What comes to mind when you hear or see the words, "bath salts"? Are you transported to an oversized soaking tub, your favorite scented candle burning and relaxing music playing? Do you get an overwhelming feeling of calm and peacefulness? Natural bath salts are a therapeutic addition to bath water, and are a welcome part of many people's daily regimen. These bath salts come in a variety of scents and colors, containing nothing more than sea salt and Epsom salt and essential oils. They bring relief to aching muscles, a soothing aroma for your nose and help your skin glow.
However, another product has entered the market in recent years by the same name, but don't be confused. These bath salts are anything but the sweet-smelling stuff you sprinkle in your tub. The "other" bath salts are actually a deadly drug in powder form, created with synthetic stimulants such as mephedrone, MDPV, and methylone. These bath salts are a highly addictive and dangerous drug, which can be snorted, smoked or injected via needles.

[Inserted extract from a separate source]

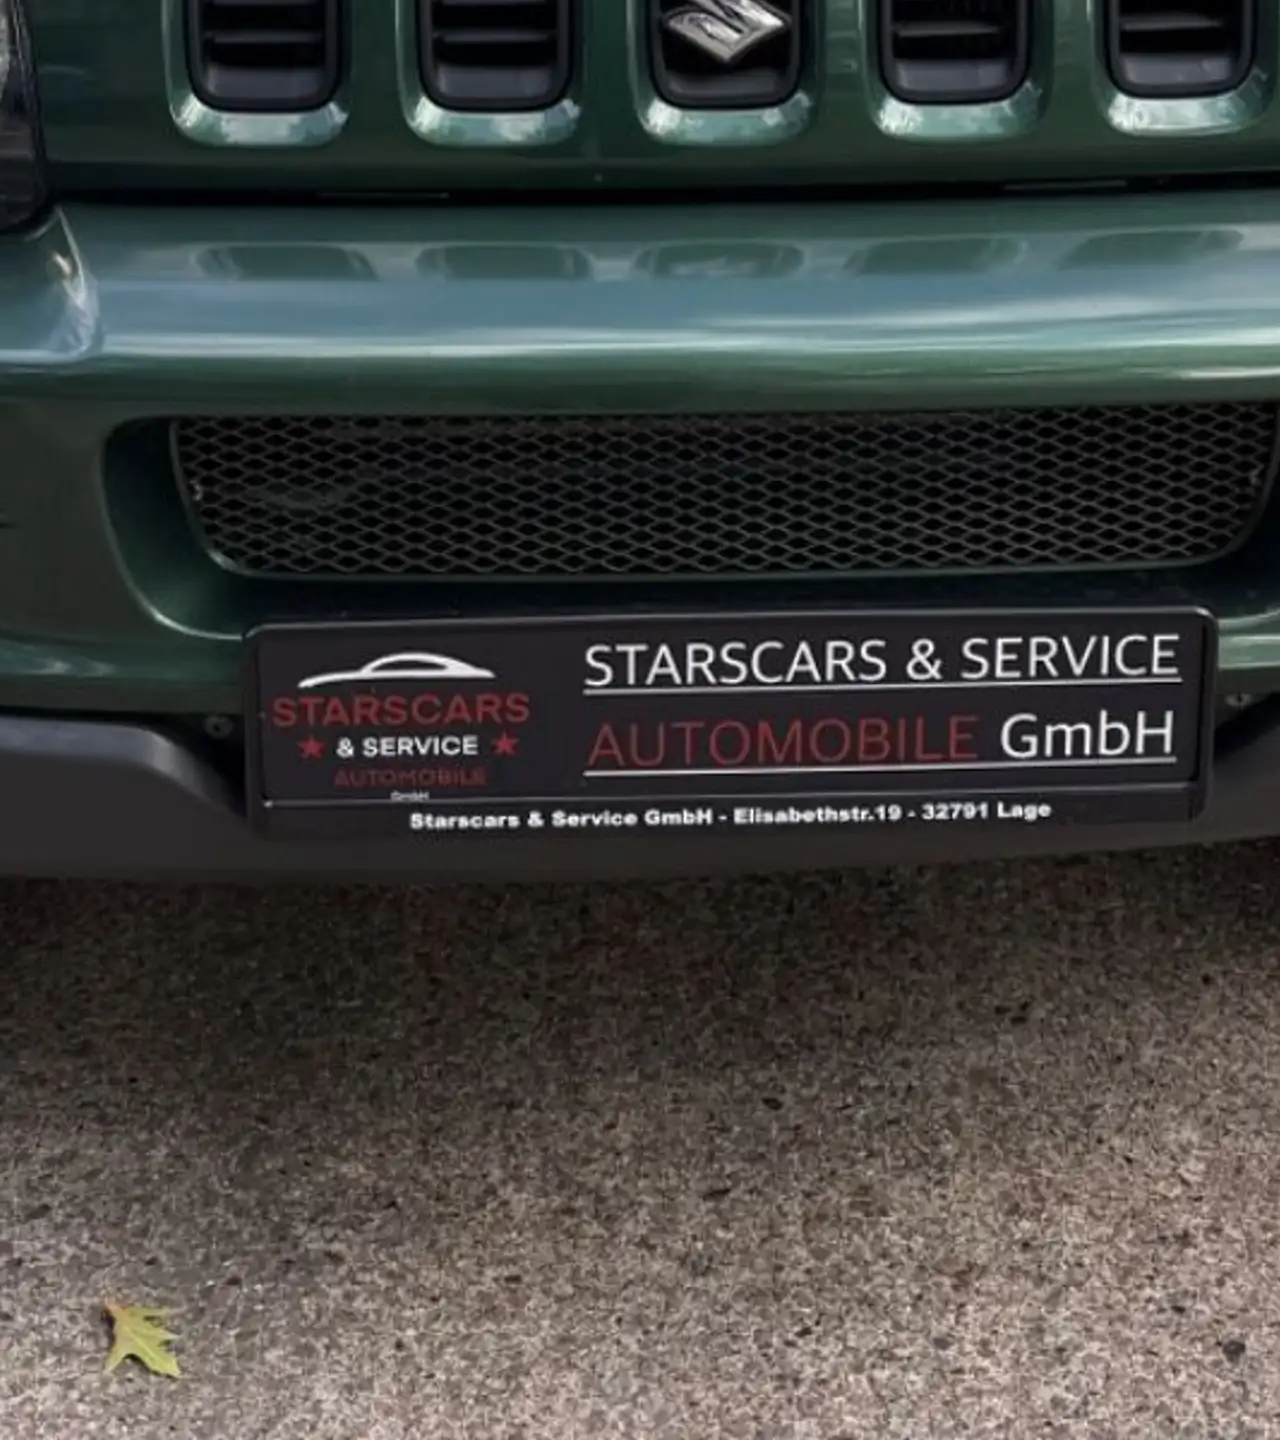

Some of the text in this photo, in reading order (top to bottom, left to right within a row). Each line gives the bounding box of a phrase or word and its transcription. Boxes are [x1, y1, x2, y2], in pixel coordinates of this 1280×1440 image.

Because these bath salts are created in a lab, they're considered to be "designer drugs." So far, it's been extremely difficult for drug agencies to pinpoint where these drugs are being created, and even what the exact formula may be, since varying styles have popped up across the country. The problem for law enforcement has been that bath salts are sold in convenience stores for anyone to purchase. Marketed under the names "Bliss," "Vanilla Sky," and "Zoom," among other innocent-sounding products, the drugs come in inviting packets that look like they belong in any bath and body shop.
So, why the calls to outlaw these bath salts? The labels contain the phrase, "Not fit for human consumption," which has allowed them to pass through government regulation for consumers. If there's a warning for people to not eat these bath salts, what harm can come from them, right? But people who use these drugs know exactly how to consume them, with horrific consequences. Bath salts can cause hallucinations, extreme paranoia, chest pain and increased violence. In recent months, bath salts hallucinations have even been connected to a series of unimaginable crimes.
The hope is that federal regulators will classify bath salts as a Schedule 1 drug, which means it has no true medicinal value but a high potential for abuse. The Synthetic Drug Abuse Prevention Act of 2012 was signed into law in July 2012, banning the drugs at a federal level. This makes all synthetic, designer drugs illegal to both buy and sell.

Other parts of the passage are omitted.